So, I guess I am getting about a C- in the 'blog everyday in May' challenge.  

I am going to do some catching up.

Day 10: Most embarrassing moment (s). Spill. .... Umm, yeah -I am passing on this one.  I did photoblogs instead :) here, here, and here (encase you missed them)

Day 11: Sell yourself in 10 words or less

I can learn and do anything (and then I smile).  

 

Day 12: What do you miss? (a person, a thing, a place, a time of your life...)

I miss Virginia, but I love my family more so in the Midwest I will remain, for a while anyway.  I miss parts of my childhood.  Not school - but being on the farm.  I didn't know how much I loved it until I am without it.  I would love to experience that again, knowing what I know now. 

 

Day 13: Issue a public apology. This can be as funny or as serious or as creative as you want it to be.

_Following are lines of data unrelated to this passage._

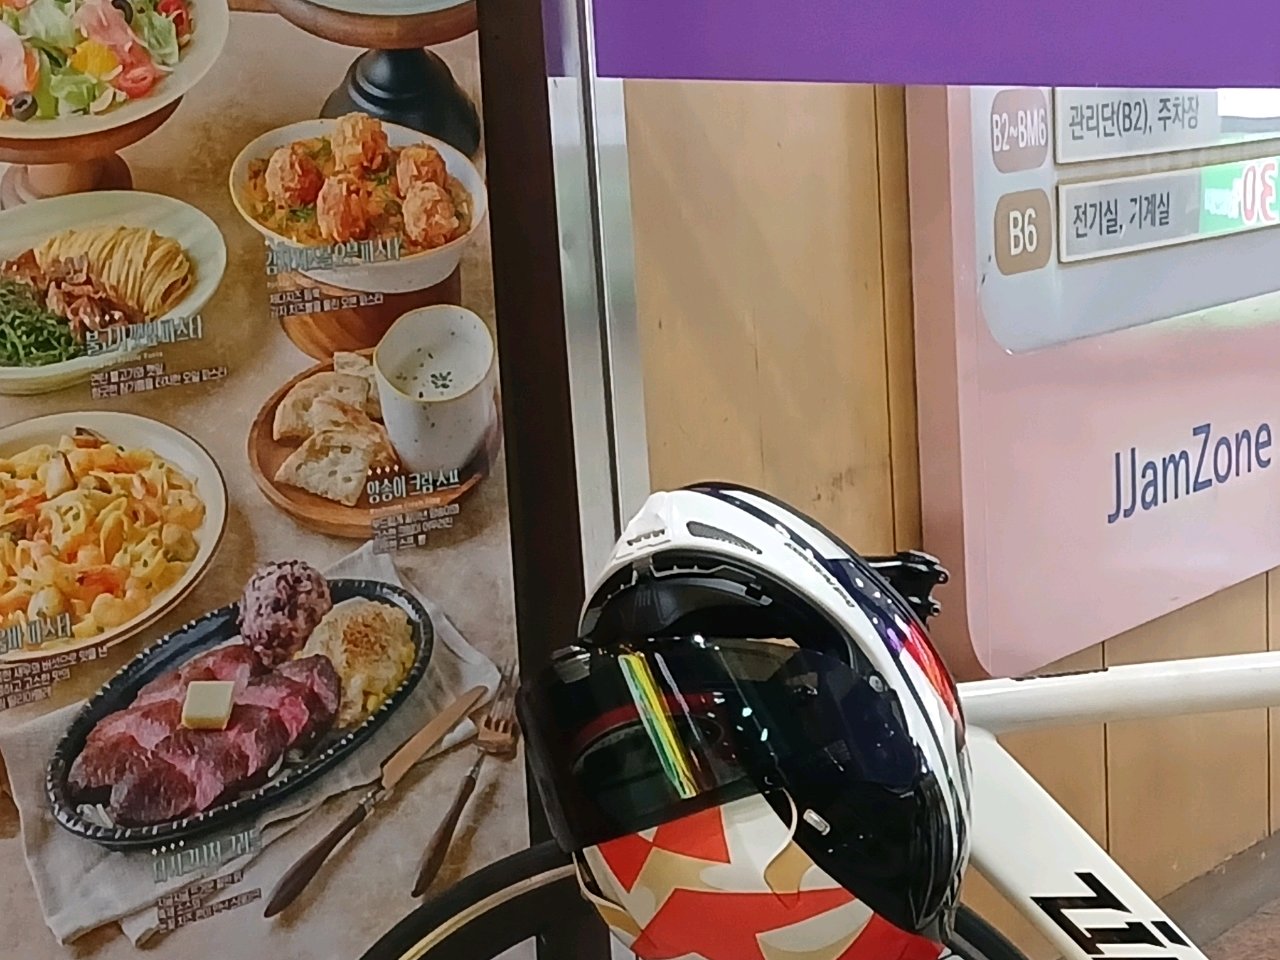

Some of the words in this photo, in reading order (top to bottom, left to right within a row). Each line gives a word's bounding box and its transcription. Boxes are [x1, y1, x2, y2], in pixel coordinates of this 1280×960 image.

[992, 108, 1048, 152] B2~BM6
[1068, 98, 1153, 141] 관리단(B2),
[1157, 94, 1200, 132] 주차장
[1009, 208, 1037, 256] B6
[1073, 198, 1125, 239] 전기실,
[1129, 192, 1171, 230] 기계실
[367, 475, 407, 504] 양송이
[408, 471, 434, 495] 크림
[436, 468, 461, 491] 스프
[1107, 423, 1272, 524] JJamZone
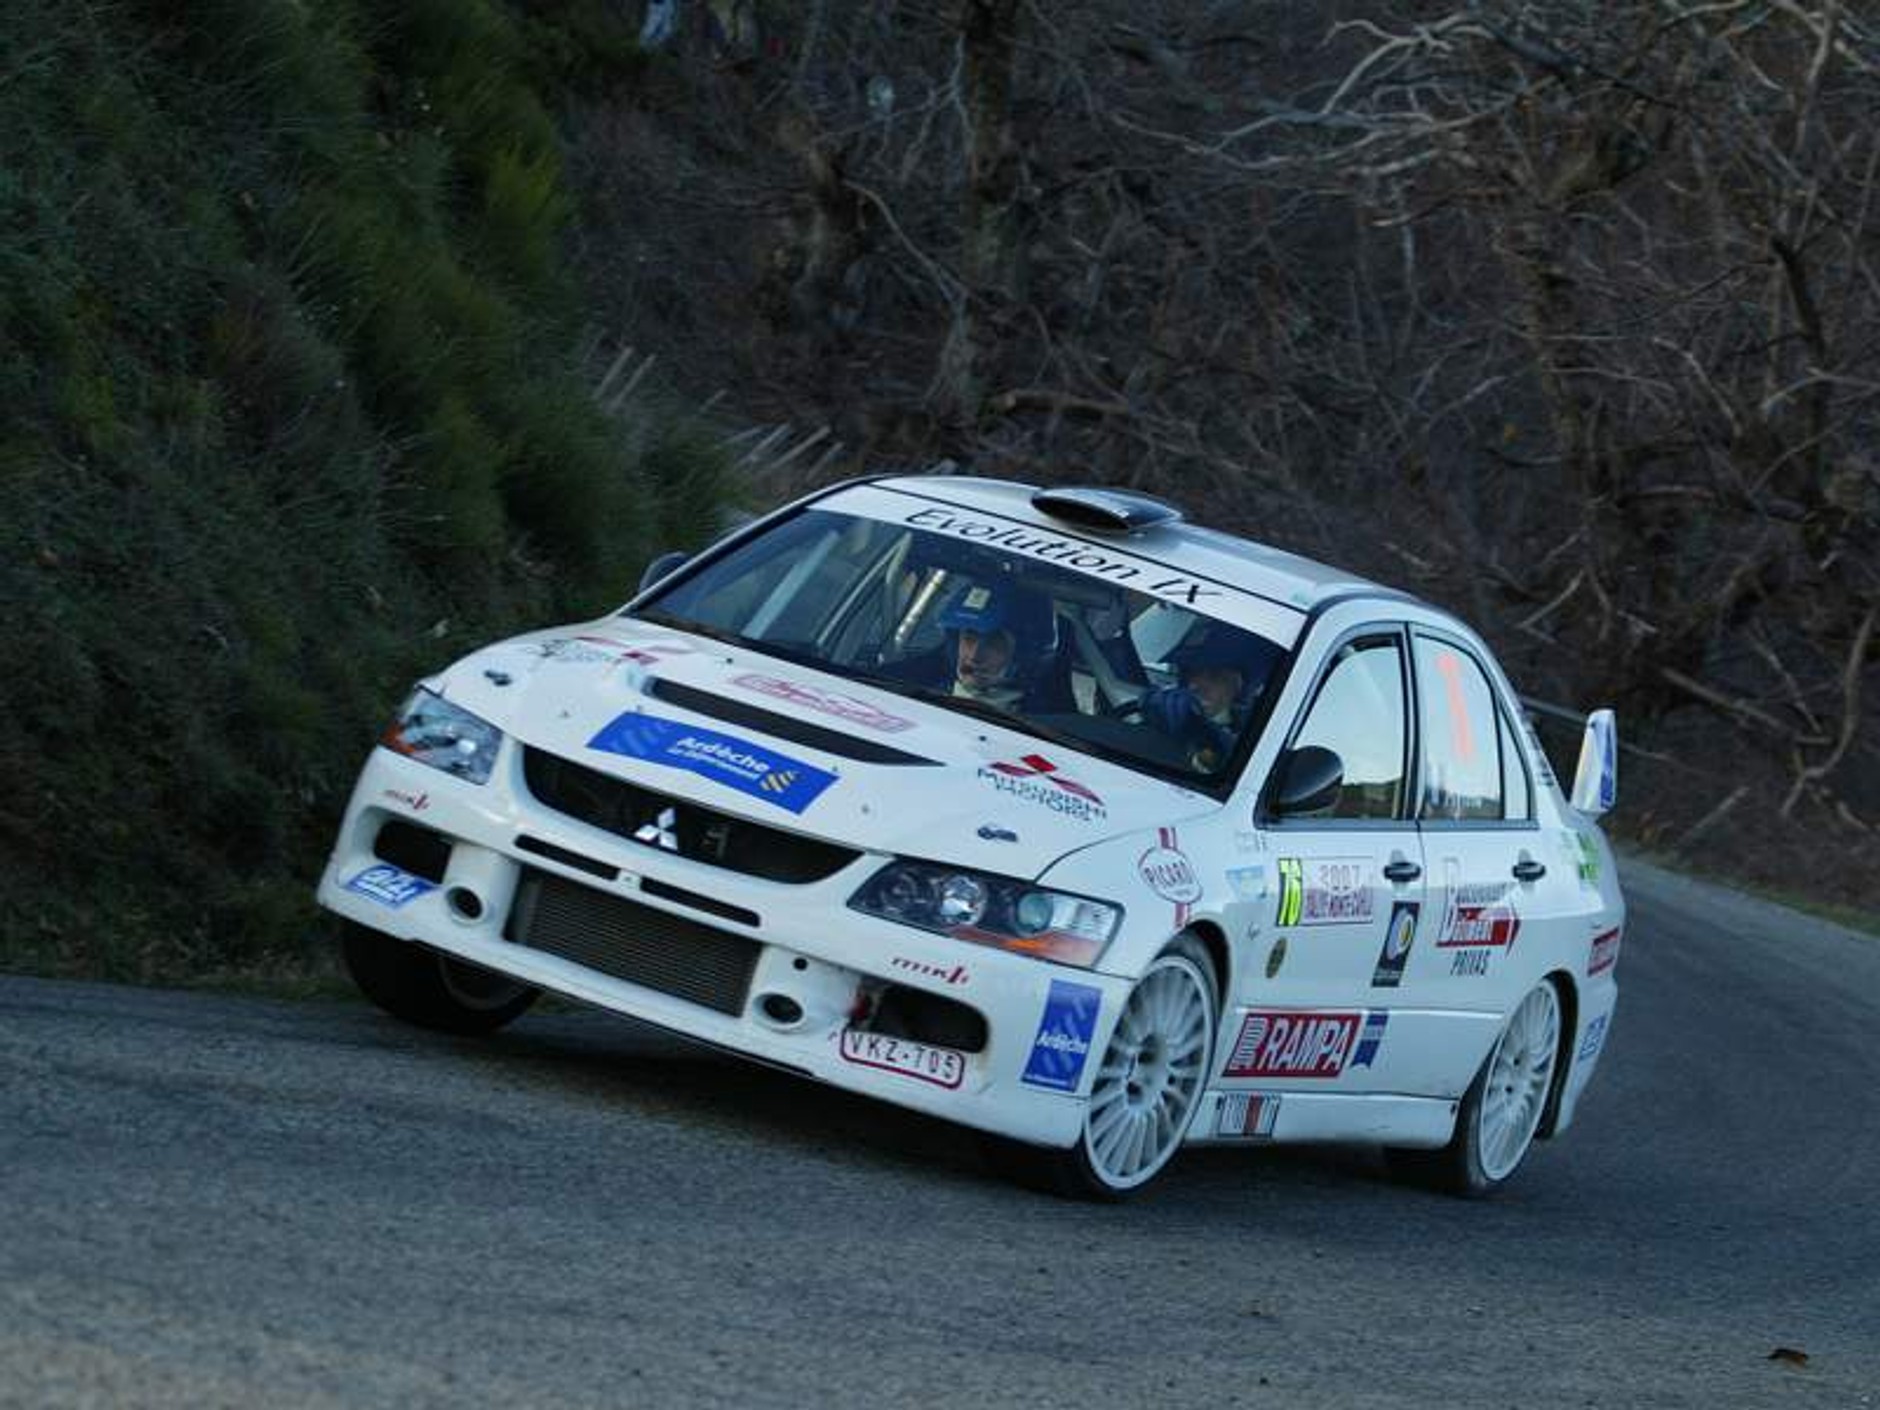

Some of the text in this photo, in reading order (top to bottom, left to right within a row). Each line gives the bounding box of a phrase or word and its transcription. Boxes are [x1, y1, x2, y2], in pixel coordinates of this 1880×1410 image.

[905, 508, 1223, 604] Evolution IX
[676, 736, 771, 773] Ardèche
[1319, 863, 1361, 890] 2007
[1257, 1017, 1352, 1071] RAMPA

I have nothing for this one.   Boring, I know. 

 

Day 14: Ten things that make you really happy

1) Brayden

2) John

3) My family and friends

4) Country Music

5) Being creative - Photography, editing, painting, designing, etc.

6) Learning, anything and everything

7) Field Work.  I love the smell of spring time and fresh tilled earth.  I love seeing planters and combines that start work early and stay late - often to beat forecasted rain or to get it done well Mother Nature will allow.  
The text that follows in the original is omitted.